In a way the book was channeling into the late 20th century the insights of Dutch theologian and political leader Abraham Kuyper from a century previous who insisted that Christ’s Lordship over all areas of life should lead to a public faith lived out with grace and holiness amidst a pluralistic society. Kuyper famously balanced “common grace” (realizing the goodness of the creation and the ways even those hostile to Biblical religion do many good things) and the antithesis between God’s Kingdom of light and all other agendas and religious-like forces. (Can anyone say “resident aliens”?) A transforming vision of God’s missional project of redeeming creation which rejects as unbiblical the false dualism of sacred vs secular will free us to “think Christianly” about all of life and create social initiatives of distinctively Christian witness alongside more secularized projects of those in the world.
KUYPER AND BEYOND: REFORMING THE SOCIAL ARCHITECTURE
Such Kuyperian “world formative” believers will work for alternative labor unions based on reconciliation, media outlets that are fair and profound, Christian universities, faith-based businesses, Biblically-influenced counseling centers, art galleries guided by Christian insights into aesthetics, science think-tanks rejecting the religion vs science model, journals that invite conversations about Christians in philosophy, firms seeking normative, responsible views of technology and engineering, will work vigorously for environmental concerns and the like.
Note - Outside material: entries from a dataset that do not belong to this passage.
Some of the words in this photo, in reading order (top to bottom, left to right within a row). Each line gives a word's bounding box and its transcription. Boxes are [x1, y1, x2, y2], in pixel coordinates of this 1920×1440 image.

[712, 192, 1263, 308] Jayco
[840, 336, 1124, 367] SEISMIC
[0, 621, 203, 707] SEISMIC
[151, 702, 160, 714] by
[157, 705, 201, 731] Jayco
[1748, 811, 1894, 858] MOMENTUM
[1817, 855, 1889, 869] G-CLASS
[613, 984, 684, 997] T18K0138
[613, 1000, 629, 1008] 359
Maybe even there could be a “third way” Christian political party like what Kuyper started in Holland. Churches will enable their members to take up vocations in the world as thoughtful, informed, change agents, seeking their own spheres of influence for the sake of pointing to God’s Kingdom, not merely church growth.
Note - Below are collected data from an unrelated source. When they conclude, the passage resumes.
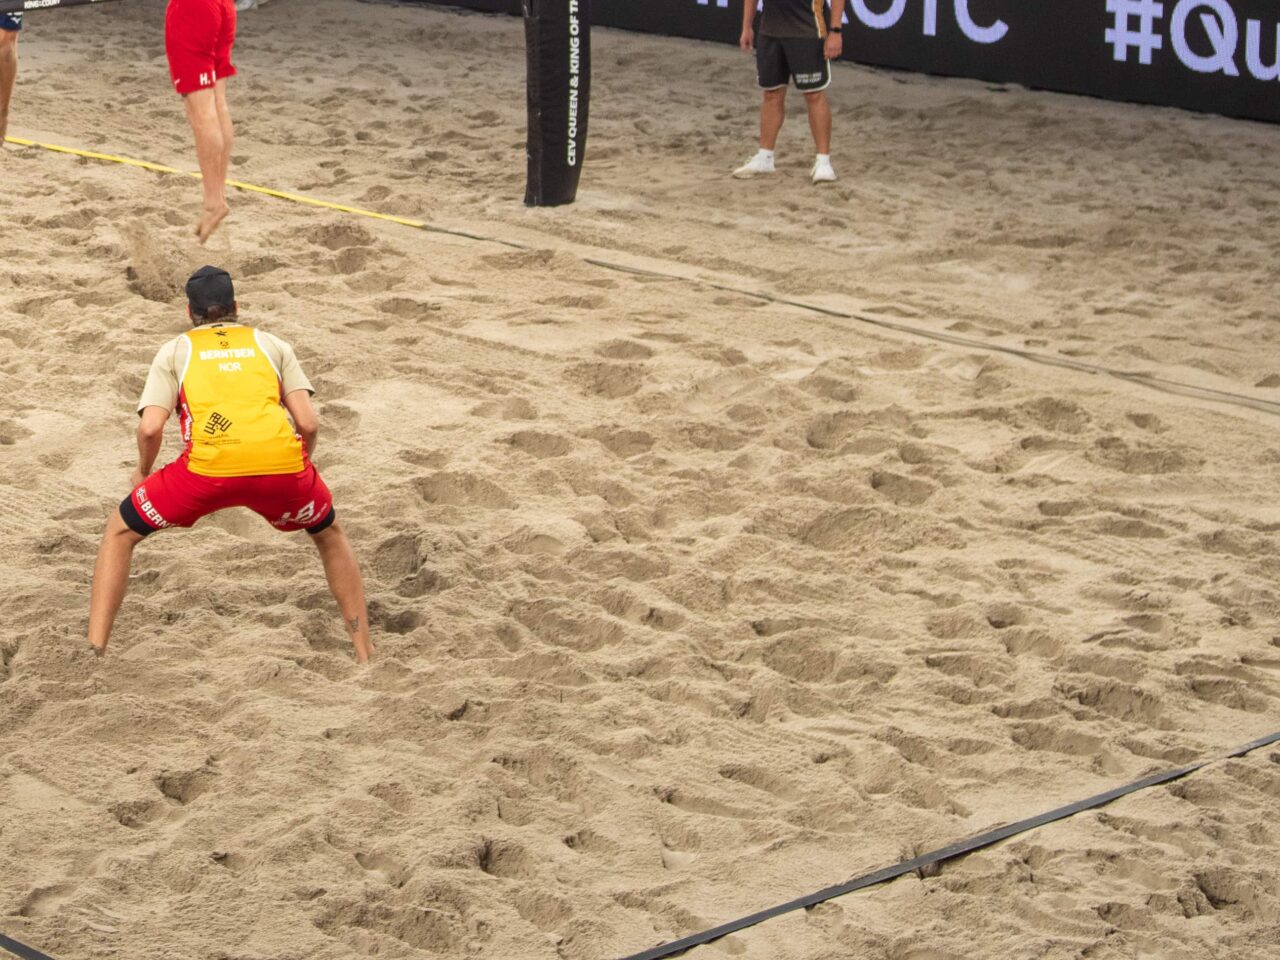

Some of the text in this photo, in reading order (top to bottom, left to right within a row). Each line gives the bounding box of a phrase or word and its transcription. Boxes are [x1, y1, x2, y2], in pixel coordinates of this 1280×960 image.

[569, 16, 579, 34] OF
[570, 39, 579, 74] KING
[570, 76, 579, 88] &
[568, 89, 578, 136] QUEEN
[567, 140, 577, 166] CEV
[199, 347, 255, 361] BERNTSEN
[218, 362, 242, 372] NOR
If you are so inclined, you might benefit from pondering Prime Minister Kuyper’s famous lectures given at Princeton Theological Seminary in 1898 which are still in print under the title that doesn’t do it justice, Lectures on Calvinism (Eerdmans; $18.00) or the very lovely little recent book called Abraham Kuyper: A Short and Personal Introduction by Richard Mouw (Eerdmans; $15.00) to connect those dots. Smith himself has written about these things and their significance. I love his fabulous collection of essays, reviews, and articles found in Discipleship in the Present Age: Reflections on Faith and Culture (Calvin College Press; $14.99) a book we are happy to stock, or his more specific introduction to gracious, broad Kuyperian themes — and Augustinian as well — in his set of lovely pastoral letters to young Reformed Christians called Letters to a Young Calvinist: An Invitation to the Reformed Tradition (Brazos Press; $14.99.) I once (okay more than once) quipped that that particular little book might be subtitled “moving from Piper to Kuyper.”
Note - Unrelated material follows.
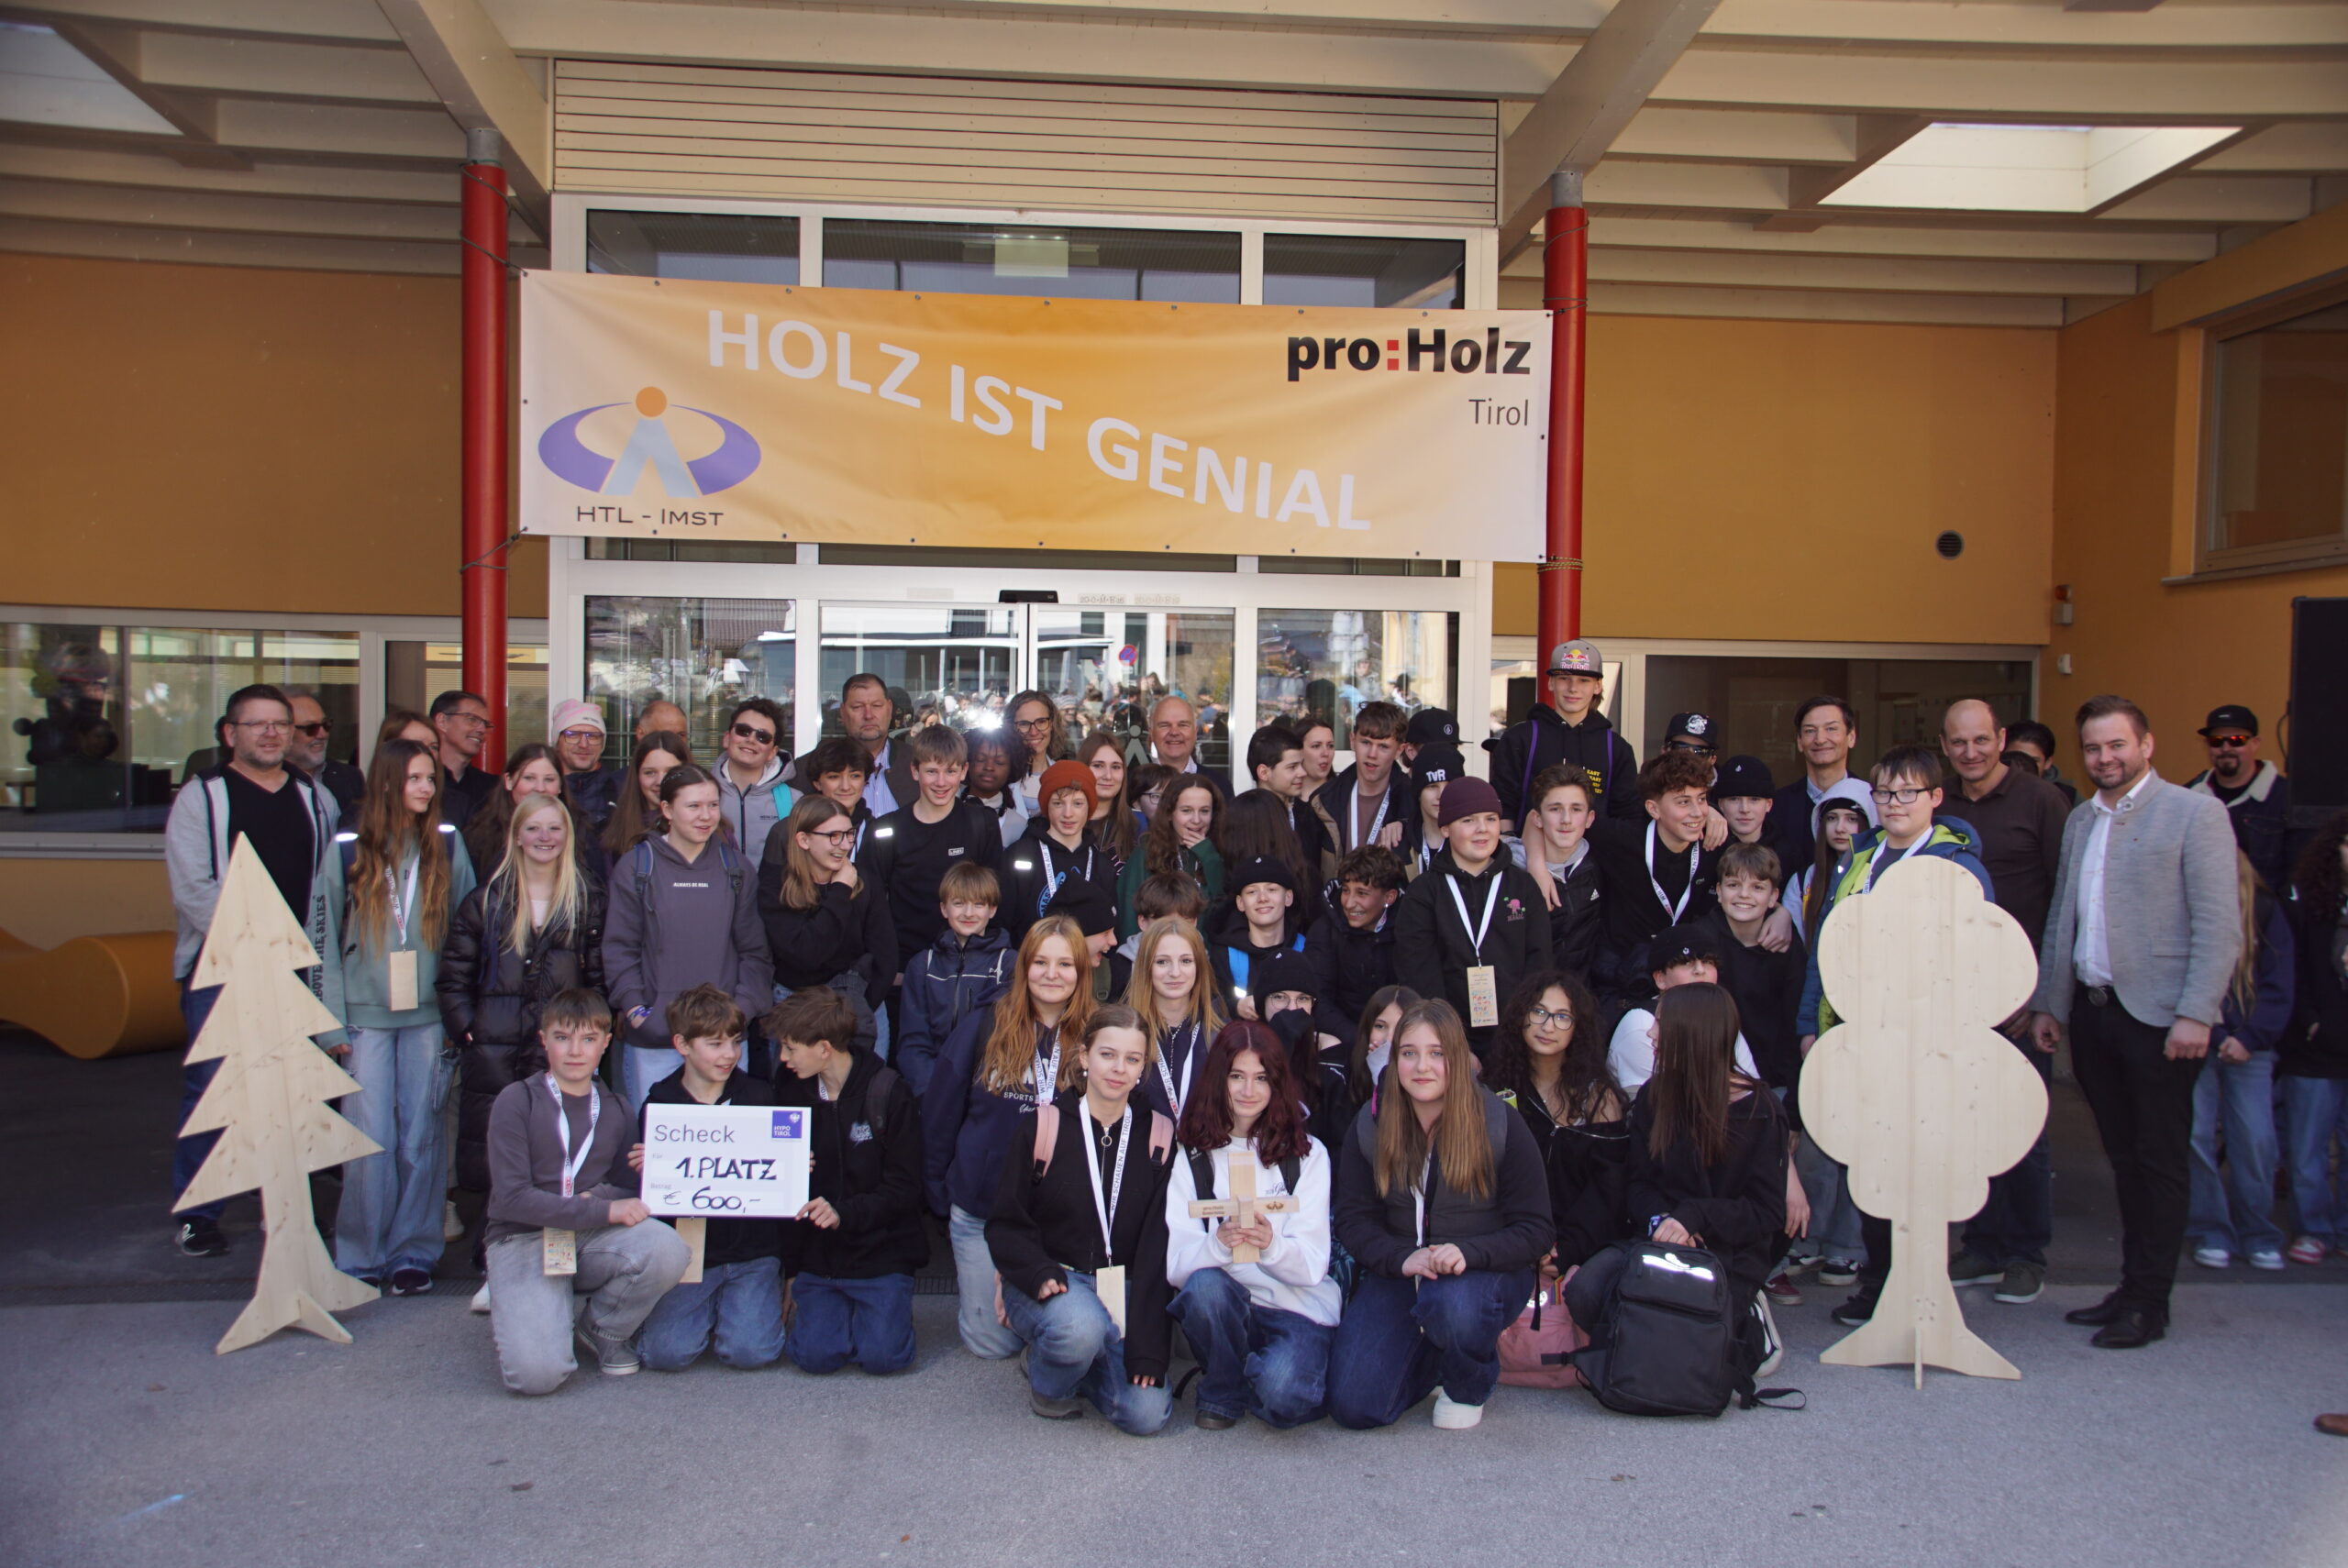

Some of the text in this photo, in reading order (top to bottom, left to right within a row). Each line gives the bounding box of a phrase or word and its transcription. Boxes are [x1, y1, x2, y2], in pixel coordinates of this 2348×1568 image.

JUBILEE — NO DUALISMS to TRANFORM EVERYTHING
The CCOs Pittsburgh Jubilee conference developed in the late 70s out of this heady mix of reading philosophy, doing cultural criticism, seeking the “integration of faith and scholarship” and exploring what it meant to be faithful Christians at least somewhat in the line of Kuyper – not pietistic dualists who rejected culture nor heterodox liberals whose churches tended to accommodate to secularization and the spirit of the age. (See this extraordinary short booklet celebrating the impact of 40 years of this yearly gathering and you’ll see in an instance what I mean. Do you know anybody doing quite this kind of work with young adults??)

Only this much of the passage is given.